• _EXERCISE INSTRUCTIONS_:
The expected output is every entry, repeated exactly.

[[ DATA EXCERPTS, beginning ]]

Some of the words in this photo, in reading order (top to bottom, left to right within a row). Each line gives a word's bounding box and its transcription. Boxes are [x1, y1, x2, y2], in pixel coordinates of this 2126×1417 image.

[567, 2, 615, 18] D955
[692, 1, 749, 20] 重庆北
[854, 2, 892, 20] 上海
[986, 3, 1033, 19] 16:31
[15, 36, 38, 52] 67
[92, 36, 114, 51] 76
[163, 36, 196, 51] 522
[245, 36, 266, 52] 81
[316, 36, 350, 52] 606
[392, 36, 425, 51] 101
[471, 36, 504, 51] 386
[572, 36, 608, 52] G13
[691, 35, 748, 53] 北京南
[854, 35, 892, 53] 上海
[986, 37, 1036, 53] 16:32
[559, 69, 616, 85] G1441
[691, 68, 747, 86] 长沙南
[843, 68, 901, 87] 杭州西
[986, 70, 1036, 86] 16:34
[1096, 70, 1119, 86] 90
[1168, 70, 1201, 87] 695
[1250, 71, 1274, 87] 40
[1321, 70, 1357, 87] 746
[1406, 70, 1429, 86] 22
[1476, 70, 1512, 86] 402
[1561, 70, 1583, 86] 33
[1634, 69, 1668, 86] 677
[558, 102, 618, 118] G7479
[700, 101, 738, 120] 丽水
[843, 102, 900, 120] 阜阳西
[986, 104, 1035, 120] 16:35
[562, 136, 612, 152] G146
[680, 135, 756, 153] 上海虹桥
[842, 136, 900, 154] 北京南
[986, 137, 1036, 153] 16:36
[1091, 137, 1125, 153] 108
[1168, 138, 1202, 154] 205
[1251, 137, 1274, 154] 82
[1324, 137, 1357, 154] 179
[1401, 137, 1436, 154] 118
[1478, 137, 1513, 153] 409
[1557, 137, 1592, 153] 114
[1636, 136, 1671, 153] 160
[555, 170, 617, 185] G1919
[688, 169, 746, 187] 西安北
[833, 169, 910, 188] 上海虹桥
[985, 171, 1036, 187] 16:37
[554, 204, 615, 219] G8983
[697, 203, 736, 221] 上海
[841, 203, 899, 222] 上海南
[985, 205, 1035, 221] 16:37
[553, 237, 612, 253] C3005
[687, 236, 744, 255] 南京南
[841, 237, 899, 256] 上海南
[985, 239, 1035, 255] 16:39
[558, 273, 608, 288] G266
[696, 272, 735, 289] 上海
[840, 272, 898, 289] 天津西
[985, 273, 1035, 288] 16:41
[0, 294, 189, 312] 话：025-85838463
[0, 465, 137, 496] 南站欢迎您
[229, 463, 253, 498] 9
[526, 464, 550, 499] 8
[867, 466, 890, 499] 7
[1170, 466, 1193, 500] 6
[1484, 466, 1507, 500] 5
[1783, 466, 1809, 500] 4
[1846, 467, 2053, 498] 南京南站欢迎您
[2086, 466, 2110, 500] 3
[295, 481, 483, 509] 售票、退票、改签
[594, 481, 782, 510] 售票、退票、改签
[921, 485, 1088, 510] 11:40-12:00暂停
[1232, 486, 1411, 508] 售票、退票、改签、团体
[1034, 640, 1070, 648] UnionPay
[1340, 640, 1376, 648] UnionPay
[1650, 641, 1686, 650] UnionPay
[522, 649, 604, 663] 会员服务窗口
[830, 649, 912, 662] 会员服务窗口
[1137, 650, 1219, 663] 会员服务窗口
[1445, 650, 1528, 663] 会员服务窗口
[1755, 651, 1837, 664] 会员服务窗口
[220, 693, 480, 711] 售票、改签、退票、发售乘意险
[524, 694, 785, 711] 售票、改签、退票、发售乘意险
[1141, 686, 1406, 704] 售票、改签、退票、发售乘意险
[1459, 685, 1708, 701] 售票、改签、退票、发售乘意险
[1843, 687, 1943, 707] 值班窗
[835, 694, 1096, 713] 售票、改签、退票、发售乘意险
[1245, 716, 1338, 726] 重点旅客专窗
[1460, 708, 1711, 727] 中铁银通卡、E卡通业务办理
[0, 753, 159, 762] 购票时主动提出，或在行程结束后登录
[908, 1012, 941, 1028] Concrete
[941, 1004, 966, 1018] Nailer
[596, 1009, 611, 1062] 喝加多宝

[[ DATA EXCERPTS, end ]]

• _SOLUTION TO THIS PROBLEM_:
Some of the words in this photo, in reading order (top to bottom, left to right within a row). Each line gives a word's bounding box and its transcription. Boxes are [x1, y1, x2, y2], in pixel coordinates of this 2126×1417 image.

[567, 2, 615, 18] D955
[692, 1, 749, 20] 重庆北
[854, 2, 892, 20] 上海
[986, 3, 1033, 19] 16:31
[15, 36, 38, 52] 67
[92, 36, 114, 51] 76
[163, 36, 196, 51] 522
[245, 36, 266, 52] 81
[316, 36, 350, 52] 606
[392, 36, 425, 51] 101
[471, 36, 504, 51] 386
[572, 36, 608, 52] G13
[691, 35, 748, 53] 北京南
[854, 35, 892, 53] 上海
[986, 37, 1036, 53] 16:32
[559, 69, 616, 85] G1441
[691, 68, 747, 86] 长沙南
[843, 68, 901, 87] 杭州西
[986, 70, 1036, 86] 16:34
[1096, 70, 1119, 86] 90
[1168, 70, 1201, 87] 695
[1250, 71, 1274, 87] 40
[1321, 70, 1357, 87] 746
[1406, 70, 1429, 86] 22
[1476, 70, 1512, 86] 402
[1561, 70, 1583, 86] 33
[1634, 69, 1668, 86] 677
[558, 102, 618, 118] G7479
[700, 101, 738, 120] 丽水
[843, 102, 900, 120] 阜阳西
[986, 104, 1035, 120] 16:35
[562, 136, 612, 152] G146
[680, 135, 756, 153] 上海虹桥
[842, 136, 900, 154] 北京南
[986, 137, 1036, 153] 16:36
[1091, 137, 1125, 153] 108
[1168, 138, 1202, 154] 205
[1251, 137, 1274, 154] 82
[1324, 137, 1357, 154] 179
[1401, 137, 1436, 154] 118
[1478, 137, 1513, 153] 409
[1557, 137, 1592, 153] 114
[1636, 136, 1671, 153] 160
[555, 170, 617, 185] G1919
[688, 169, 746, 187] 西安北
[833, 169, 910, 188] 上海虹桥
[985, 171, 1036, 187] 16:37
[554, 204, 615, 219] G8983
[697, 203, 736, 221] 上海
[841, 203, 899, 222] 上海南
[985, 205, 1035, 221] 16:37
[553, 237, 612, 253] C3005
[687, 236, 744, 255] 南京南
[841, 237, 899, 256] 上海南
[985, 239, 1035, 255] 16:39
[558, 273, 608, 288] G266
[696, 272, 735, 289] 上海
[840, 272, 898, 289] 天津西
[985, 273, 1035, 288] 16:41
[0, 294, 189, 312] 话：025-85838463
[0, 465, 137, 496] 南站欢迎您
[229, 463, 253, 498] 9
[526, 464, 550, 499] 8
[867, 466, 890, 499] 7
[1170, 466, 1193, 500] 6
[1484, 466, 1507, 500] 5
[1783, 466, 1809, 500] 4
[1846, 467, 2053, 498] 南京南站欢迎您
[2086, 466, 2110, 500] 3
[295, 481, 483, 509] 售票、退票、改签
[594, 481, 782, 510] 售票、退票、改签
[921, 485, 1088, 510] 11:40-12:00暂停
[1232, 486, 1411, 508] 售票、退票、改签、团体
[1034, 640, 1070, 648] UnionPay
[1340, 640, 1376, 648] UnionPay
[1650, 641, 1686, 650] UnionPay
[522, 649, 604, 663] 会员服务窗口
[830, 649, 912, 662] 会员服务窗口
[1137, 650, 1219, 663] 会员服务窗口
[1445, 650, 1528, 663] 会员服务窗口
[1755, 651, 1837, 664] 会员服务窗口
[220, 693, 480, 711] 售票、改签、退票、发售乘意险
[524, 694, 785, 711] 售票、改签、退票、发售乘意险
[1141, 686, 1406, 704] 售票、改签、退票、发售乘意险
[1459, 685, 1708, 701] 售票、改签、退票、发售乘意险
[1843, 687, 1943, 707] 值班窗
[835, 694, 1096, 713] 售票、改签、退票、发售乘意险
[1245, 716, 1338, 726] 重点旅客专窗
[1460, 708, 1711, 727] 中铁银通卡、E卡通业务办理
[0, 753, 159, 762] 购票时主动提出，或在行程结束后登录
[908, 1012, 941, 1028] Concrete
[941, 1004, 966, 1018] Nailer
[596, 1009, 611, 1062] 喝加多宝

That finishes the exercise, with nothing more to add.